In the legal case of Daimler Co. Ltd. v. Continental Tyre & Rubber Co., 1916, a company was
incorporated in England for the purpose of selling tyres made in Germany by a German
Company. The real control of the English Company was in German hards because majority of
its shareholders and all the directors were German residents. When the First World War broke
out, the company filed a suit to recover a trade debt. Held, that the company had become an
enemy company as it was controlled by Germans who were alien enemy. The suit was dismissed
on the ground that such permission would be against the public policy.

2. Protection of Revenue –
The court is empowered to lift the corporate veil in the interest of revenue e.g. where the
separate entity of the company is used for evasion of tax. In such cases, individual shareholders
may be held liable to pay income tax. In the legal case of Sir Dinshaw Maneckjee Petit Re,
1927, the assessee Sir Dinshaw was a millionaire enjoying a huge dividend and interest income;
he formed four private companies and transferred his interest to them in lieu of shares. The
income was received by the companies and thereafter handed down to the assessee as a
pretended loan. Held, the company is not carrying on any business. Sir Dinshaw was held the
owner of total income and liable to pay tax.

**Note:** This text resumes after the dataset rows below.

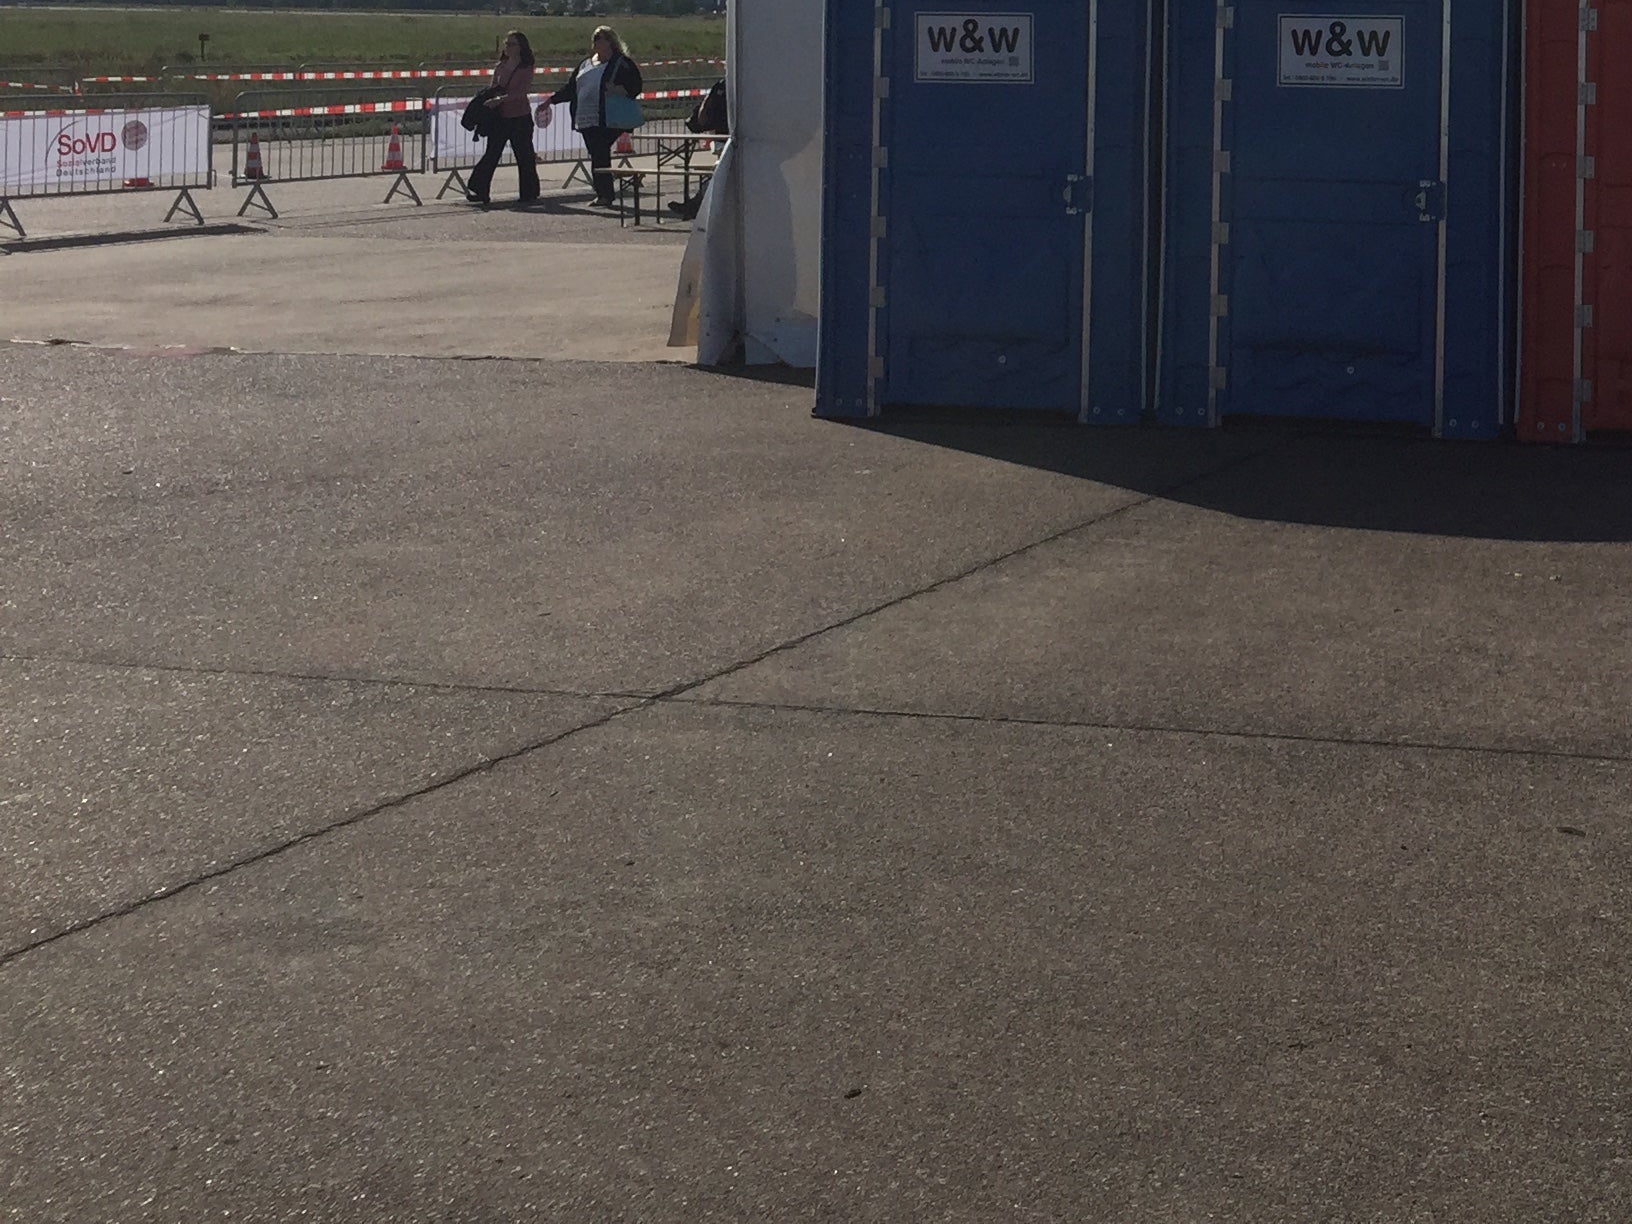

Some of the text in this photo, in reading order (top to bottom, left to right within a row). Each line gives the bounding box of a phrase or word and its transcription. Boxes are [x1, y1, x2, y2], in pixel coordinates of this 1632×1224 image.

[927, 18, 1020, 54] W&W
[1291, 21, 1391, 57] W&W
[57, 132, 116, 155] SoVD
[56, 157, 117, 168] Sozialverband
[56, 166, 117, 177] Deutschland

The court is entitled to lift the mask of corporate entity if the conception is used for tax evasion
or to circumvent tax obligation r to perpetrate fraud; Juggilal Kamlapat v. Commissioner of
Income Tax, 1969.

3. Prevention of fraud or improper conduct –


If the corporate veil has been used for improper conduct or fraudulent purpose e.g., to defraud
creditors, to avoid legal obligations or to defeat the provisions of law, courts have lifted the
corporate veil and looked at the realities of the situation.